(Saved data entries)
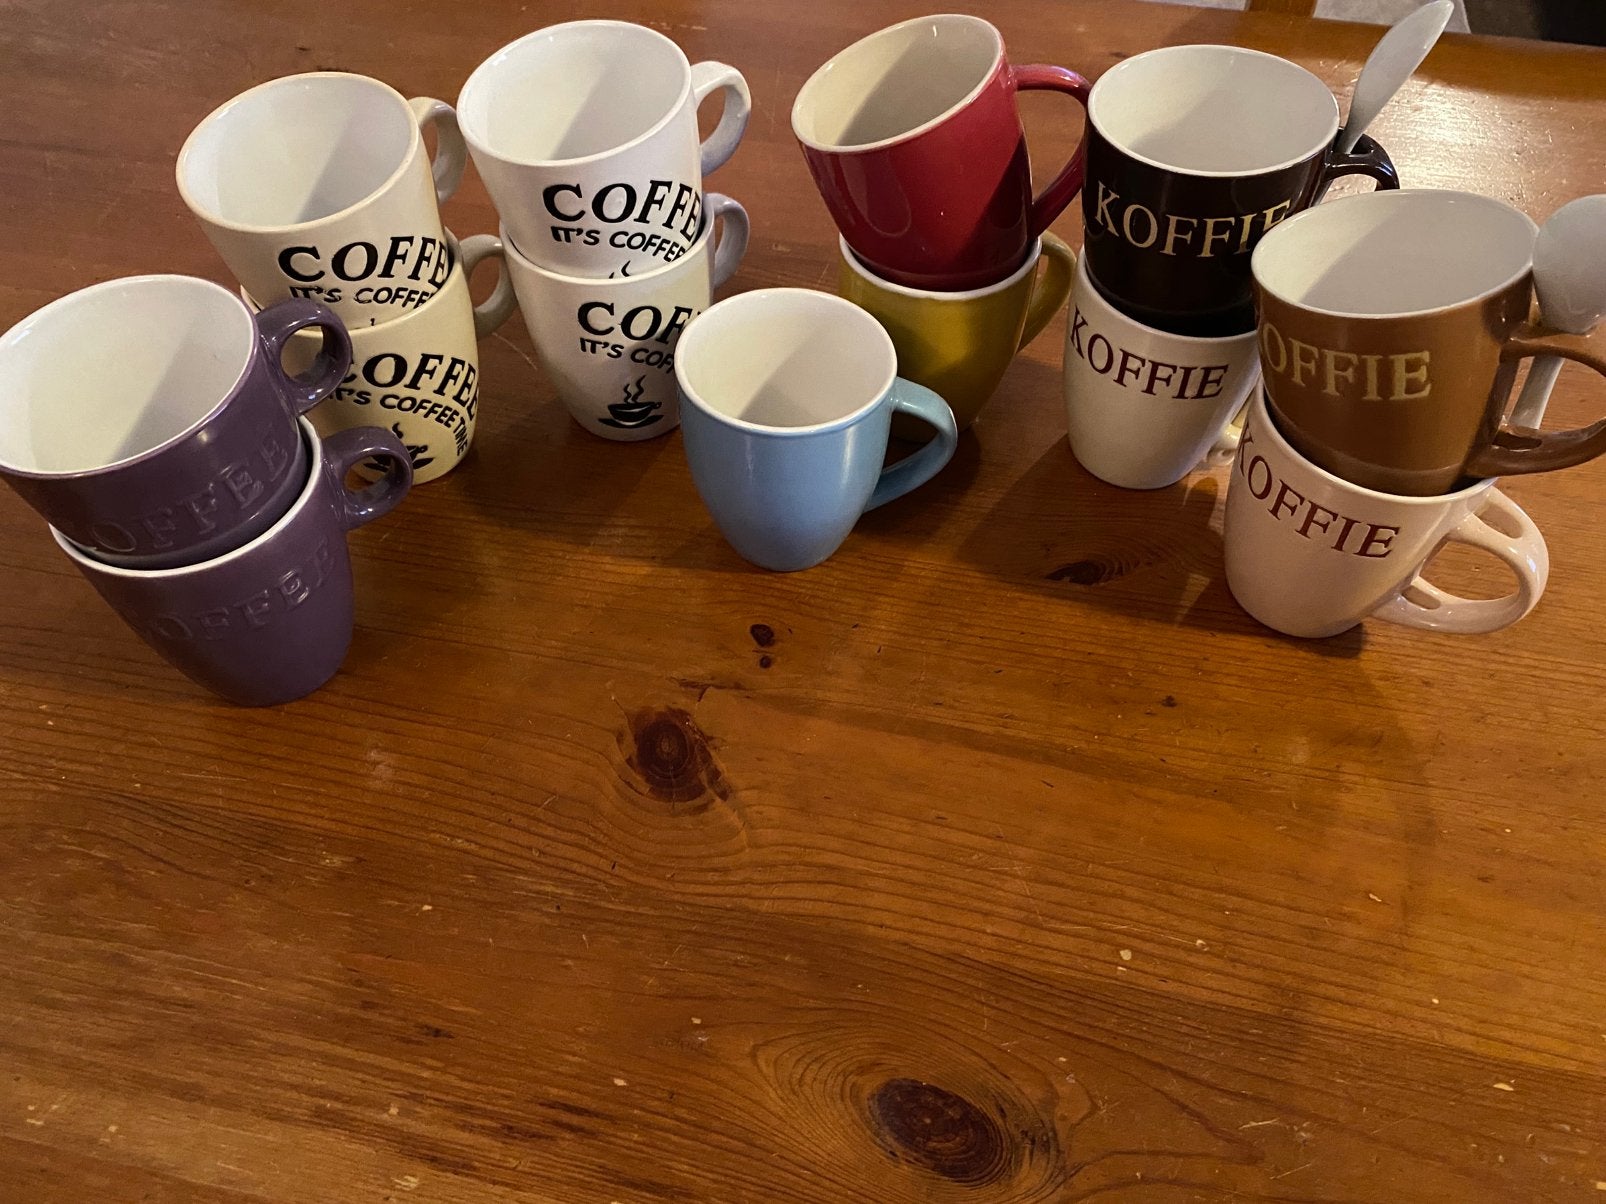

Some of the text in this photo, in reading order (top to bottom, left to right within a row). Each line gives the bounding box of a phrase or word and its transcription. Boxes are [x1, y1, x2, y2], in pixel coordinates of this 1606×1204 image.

[550, 226, 601, 246] IT'S
[353, 286, 434, 309] COFFE
[577, 301, 702, 345] COF
[579, 338, 624, 359] IT'S
[1070, 304, 1229, 400] KOFFIE
[1260, 322, 1432, 401] OFFIE
[329, 387, 468, 457] T'S COFFEE TIME
[341, 353, 478, 422] OFFEE
[1237, 421, 1401, 558] KOFFIE
[142, 537, 334, 641] OFFEE
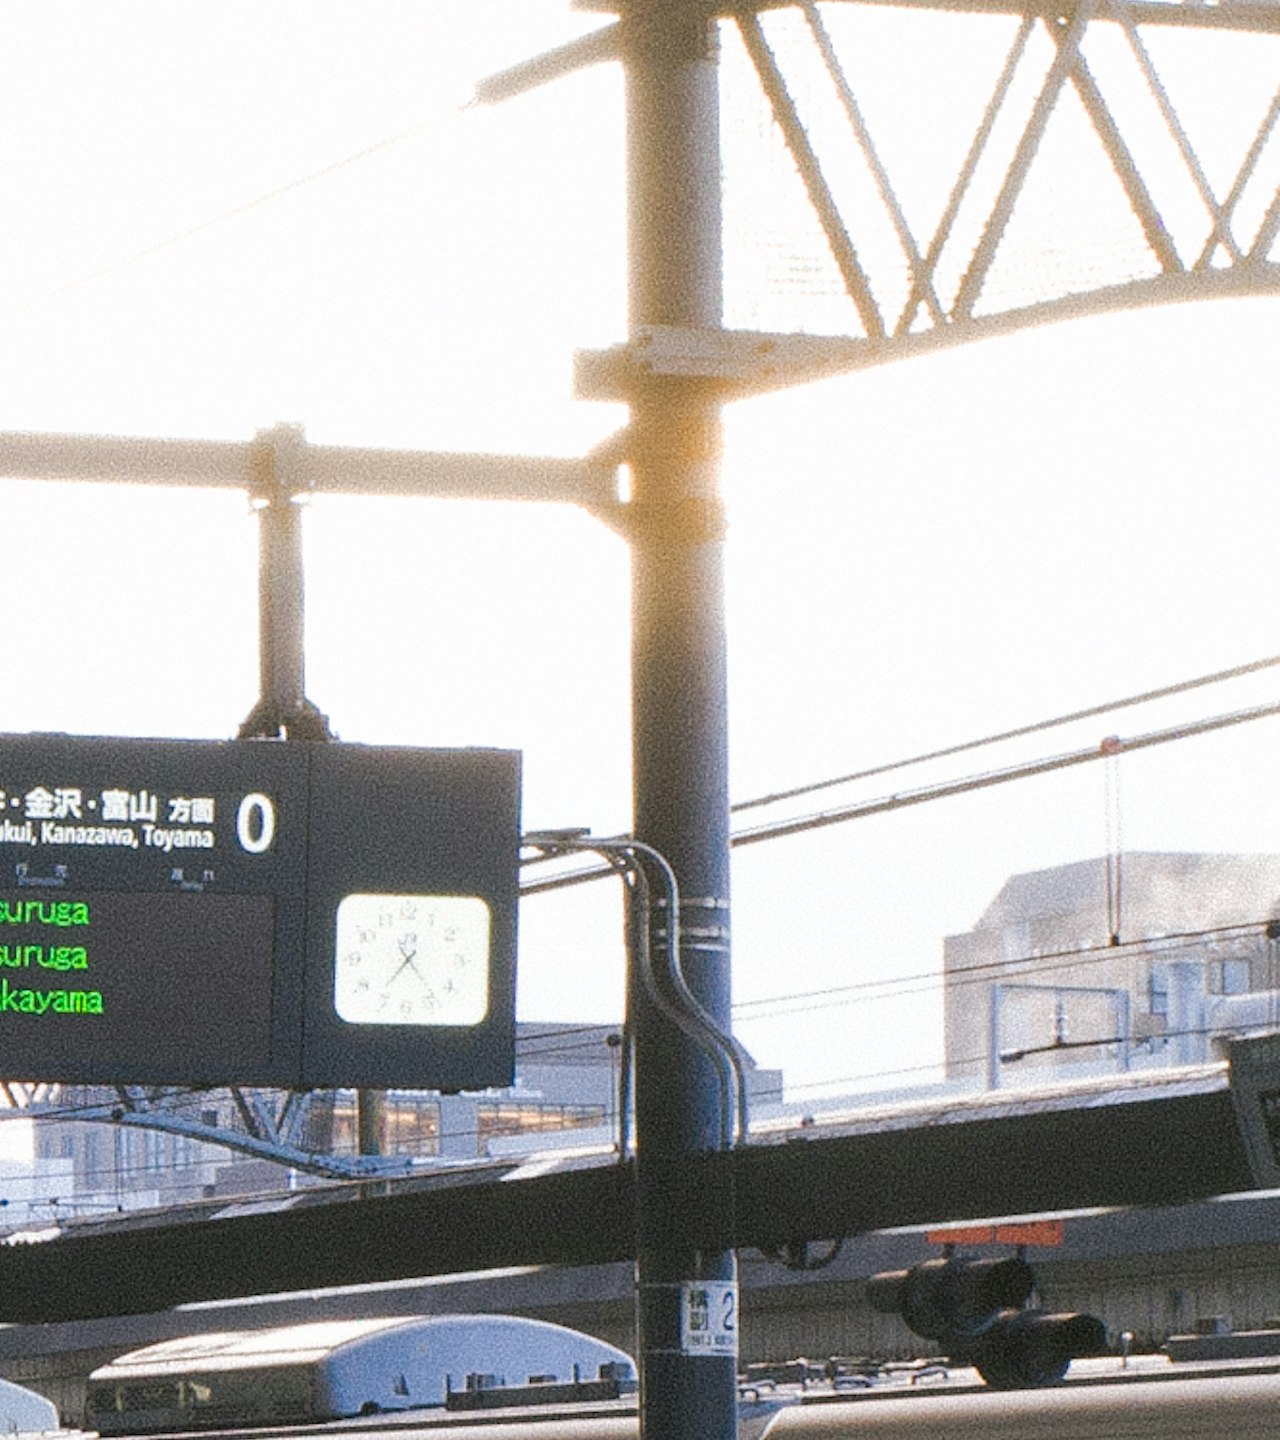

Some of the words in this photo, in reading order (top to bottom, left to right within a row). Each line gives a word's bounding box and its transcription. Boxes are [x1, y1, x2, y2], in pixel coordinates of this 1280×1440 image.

[41, 821, 139, 850] Kanazawa,
[142, 824, 215, 852] Toyama
[237, 792, 276, 853] 0
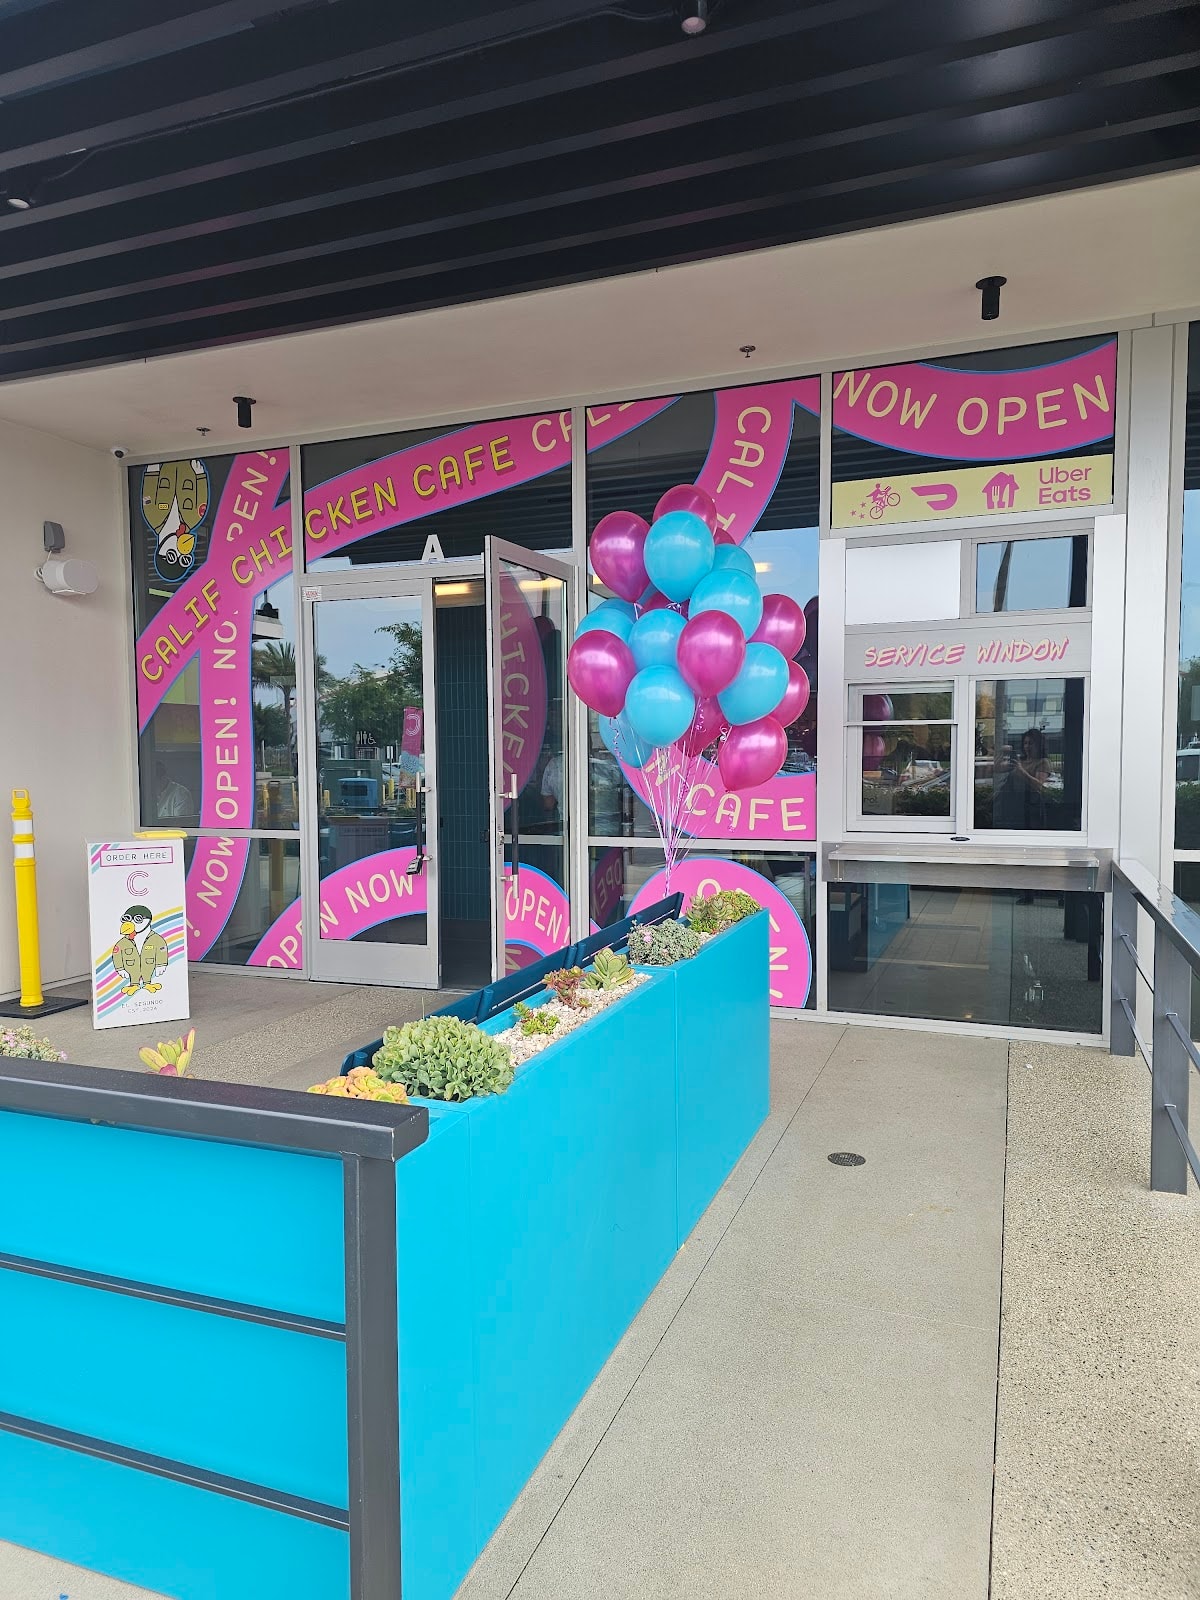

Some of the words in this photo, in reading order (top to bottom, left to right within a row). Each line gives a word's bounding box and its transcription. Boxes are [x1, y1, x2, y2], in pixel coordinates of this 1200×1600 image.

[833, 371, 937, 429] NOW
[957, 375, 1110, 435] OPEN
[1039, 466, 1092, 484] Uber
[1039, 486, 1091, 504] Eats
[141, 579, 218, 682] CALIF
[231, 477, 397, 584] CHICKEN
[412, 436, 515, 497] CAFE
[531, 402, 636, 452] CAL
[421, 534, 446, 562] A
[213, 610, 239, 669] NO
[864, 643, 965, 667] SERVICE
[977, 636, 1069, 664] WINDOW
[213, 696, 239, 820] OPEN!
[685, 784, 806, 831] CAFE
[106, 853, 137, 862] ORDER
[143, 851, 168, 860] HERE
[197, 837, 234, 908] NOW
[127, 870, 149, 897] C
[345, 869, 412, 914] NOW

_What to do_
Retype the entries exactly, skipping every picture.

_Answer below_
Some of the text in this photo, in reading order (top to bottom, left to right within a row). Each line gives the bounding box of a phrase or word and its transcription. Boxes are [x1, y1, x2, y2], in pixel coordinates of this 1606×1204 image.

[550, 226, 601, 246] IT'S
[353, 286, 434, 309] COFFE
[577, 301, 702, 345] COF
[579, 338, 624, 359] IT'S
[1070, 304, 1229, 400] KOFFIE
[1260, 322, 1432, 401] OFFIE
[329, 387, 468, 457] T'S COFFEE TIME
[341, 353, 478, 422] OFFEE
[1237, 421, 1401, 558] KOFFIE
[142, 537, 334, 641] OFFEE

Some of the words in this photo, in reading order (top to bottom, left to right within a row). Each line gives a word's bounding box and its transcription. Boxes are [x1, y1, x2, y2], in pixel coordinates of this 1280×1440 image.

[41, 821, 139, 850] Kanazawa,
[142, 824, 215, 852] Toyama
[237, 792, 276, 853] 0

Some of the words in this photo, in reading order (top to bottom, left to right within a row). Each line gives a word's bounding box and its transcription. Boxes are [x1, y1, x2, y2], in pixel coordinates of this 1200×1600 image.

[833, 371, 937, 429] NOW
[957, 375, 1110, 435] OPEN
[1039, 466, 1092, 484] Uber
[1039, 486, 1091, 504] Eats
[141, 579, 218, 682] CALIF
[231, 477, 397, 584] CHICKEN
[412, 436, 515, 497] CAFE
[531, 402, 636, 452] CAL
[421, 534, 446, 562] A
[213, 610, 239, 669] NO
[864, 643, 965, 667] SERVICE
[977, 636, 1069, 664] WINDOW
[213, 696, 239, 820] OPEN!
[685, 784, 806, 831] CAFE
[106, 853, 137, 862] ORDER
[143, 851, 168, 860] HERE
[197, 837, 234, 908] NOW
[127, 870, 149, 897] C
[345, 869, 412, 914] NOW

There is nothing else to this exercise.